I have a 20'x30' old shed that I'm turning into a office/workshop. The office will occupy a 8'x15' corner of the workshop and be walled off and insulated from the rest of the workshop. I was given a fairly large wood burning stove by an uncle and I'm wondering how best to use it to heat both office and workshop. The office will be my home office and will house a couple of computers a desk and a couch. Right now I have no insulation and no walls put in and the stove is sitting in the corner not hooked up so I'm not fettered by any existing construction. I will be insulating the walls and the ceiling eventually. A couple of other factors. This is in central Illiois so the winters can get pretty cold. The roof is a fairly flat slant and pitches to the north only, it's just a one-way slant whatever that's called. There is a big sliding door on the east side that I'm not quite sure how I'm going to insulate yet. Several questions:

1) Is there a certain place to put the stove to get the best distribution.
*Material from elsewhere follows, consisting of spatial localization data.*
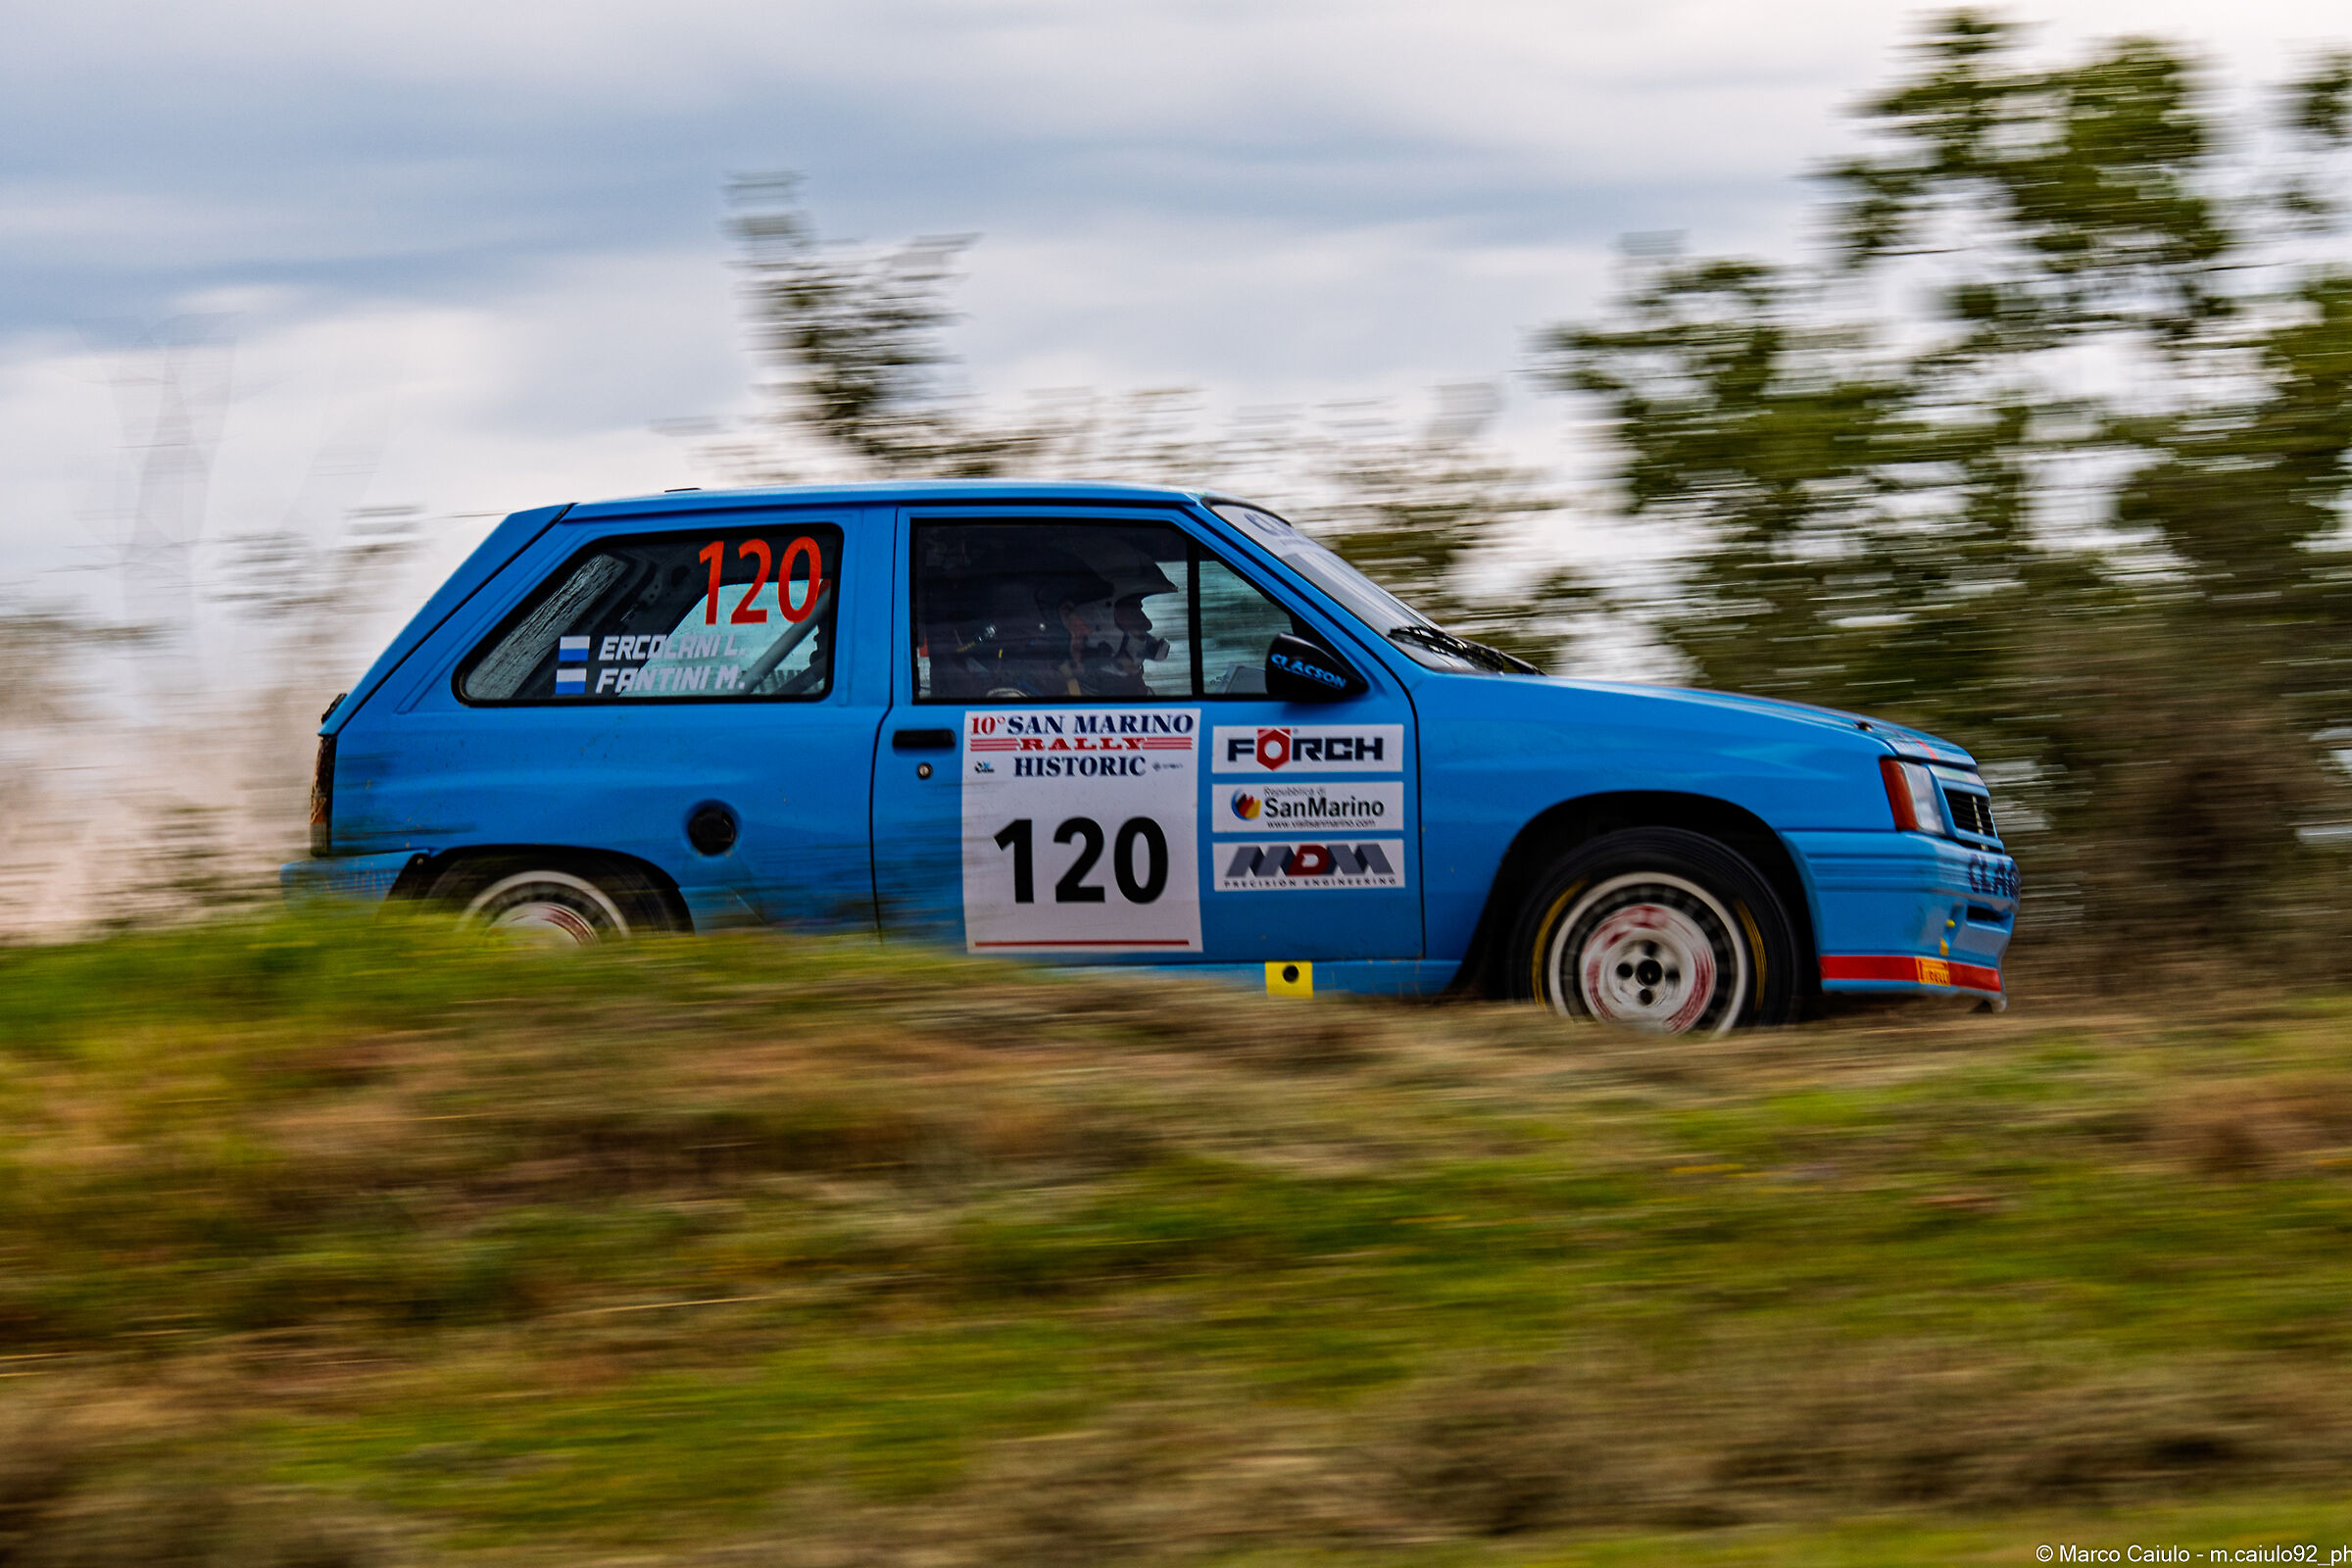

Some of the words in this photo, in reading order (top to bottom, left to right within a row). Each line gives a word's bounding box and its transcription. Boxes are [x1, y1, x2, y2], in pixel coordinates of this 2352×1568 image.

[699, 536, 822, 625] 120
[598, 634, 721, 662] ERCOLANI
[723, 634, 746, 658] L.
[595, 666, 712, 694] FANTINI
[714, 664, 746, 690] M.
[1271, 653, 1347, 690] CLACSON
[1006, 714, 1066, 735] SAN
[1074, 713, 1194, 734] MARINO
[1018, 737, 1146, 752] RALLY
[1013, 757, 1146, 777] HISTORIC
[1264, 796, 1385, 818] SanMarino
[994, 816, 1168, 905] 120
[1226, 844, 1396, 877] MDM
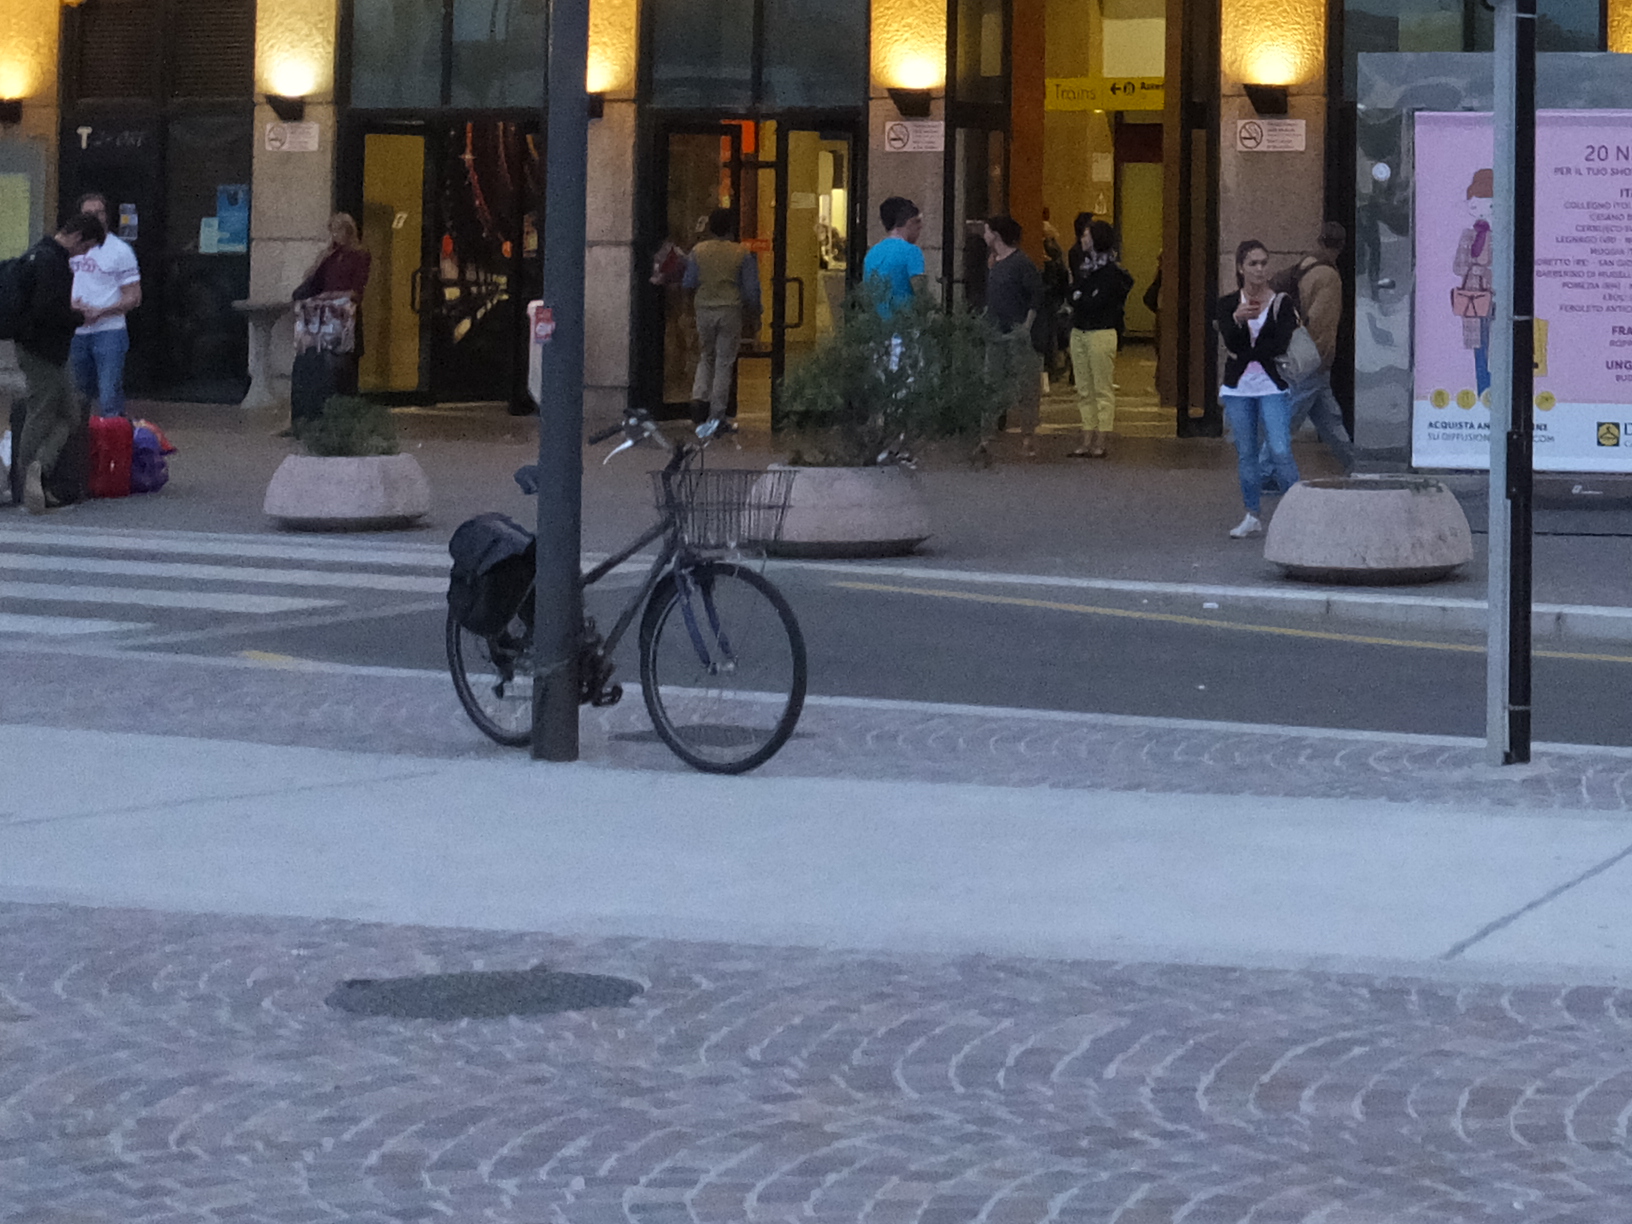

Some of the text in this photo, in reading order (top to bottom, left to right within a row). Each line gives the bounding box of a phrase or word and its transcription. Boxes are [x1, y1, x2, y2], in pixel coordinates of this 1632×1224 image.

[1055, 83, 1096, 101] Trains
[1584, 145, 1609, 162] 20
[1554, 167, 1572, 176] PER
[1586, 167, 1608, 176] TUO
[1427, 421, 1474, 431] ACQUISTA
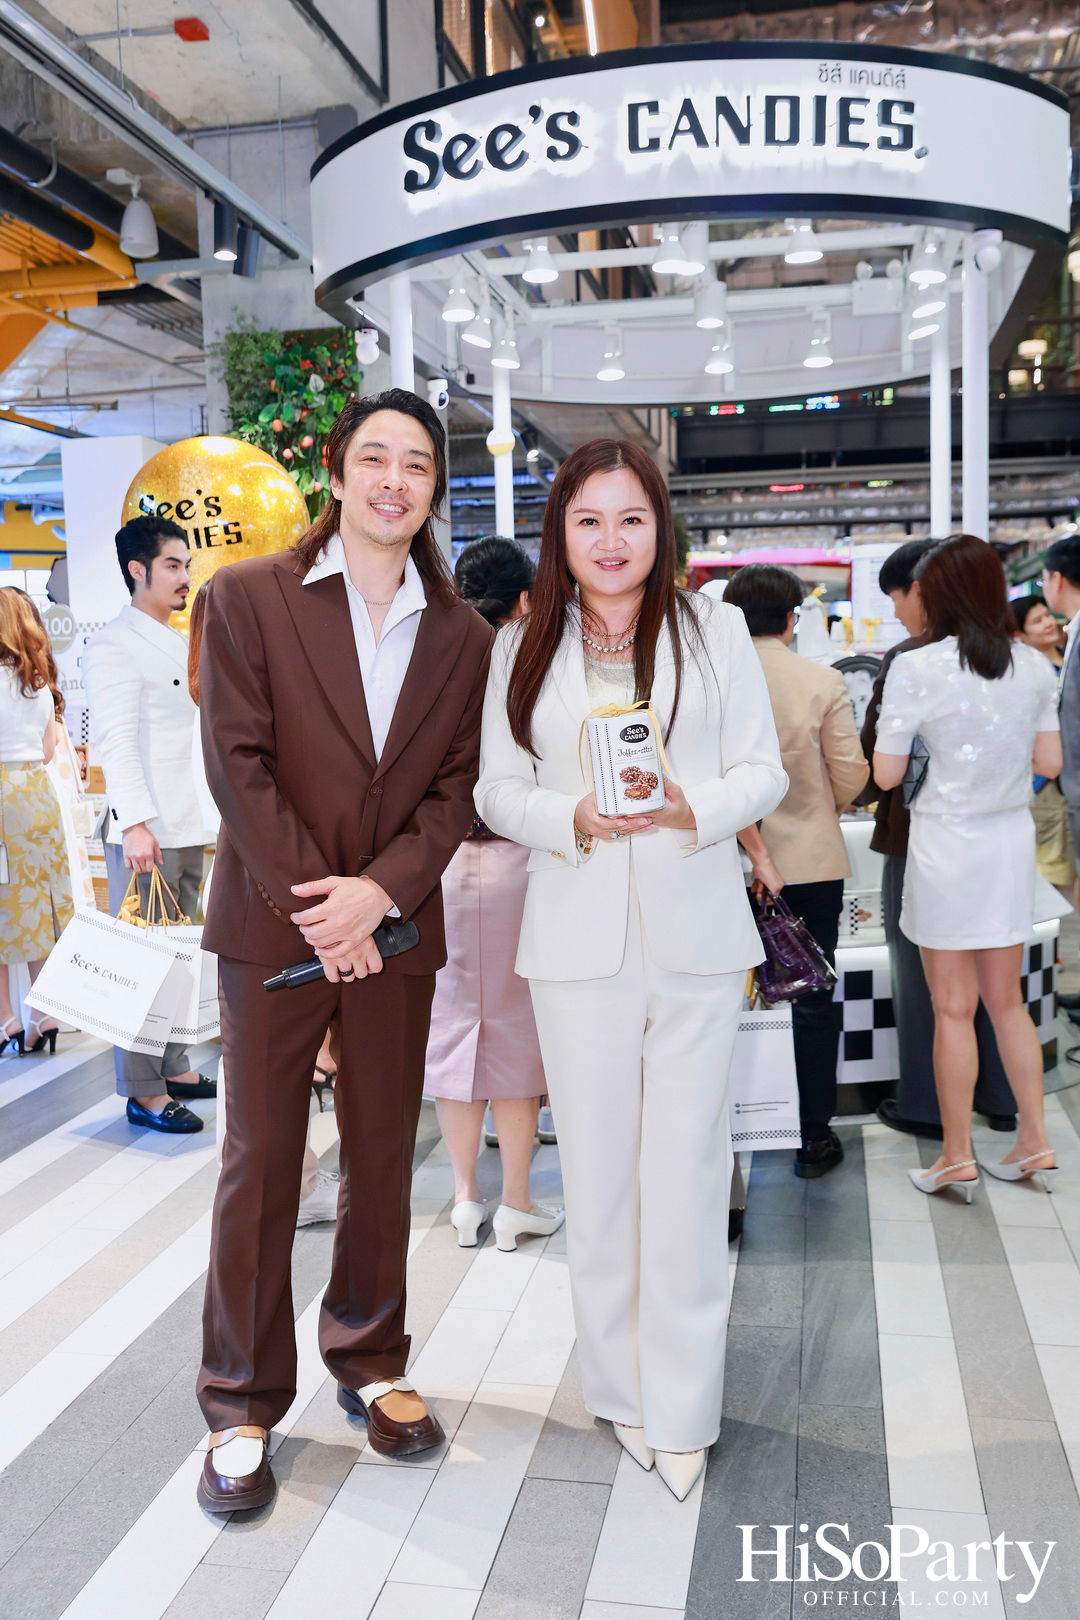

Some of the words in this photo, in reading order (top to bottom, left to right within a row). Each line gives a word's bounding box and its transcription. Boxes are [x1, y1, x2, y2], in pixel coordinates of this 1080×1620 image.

[403, 104, 583, 195] See's
[627, 94, 915, 154] CANDIES
[70, 953, 100, 973] See's
[102, 969, 139, 990] CANDIES
I can probably put it along the shared wall of the office and workshop to get a central location but I don't want to have it in the way too much. 2) Can I distribute the heat by routing the exhaust pipe through the building? Does that put off much heat itself and are the ways to help that along? 3) Are the are any precautions I need to take if I route the exhaust through the drywall walls from the workshop to the office? 4) Is it any better to send the exhaust out the wall than the roof?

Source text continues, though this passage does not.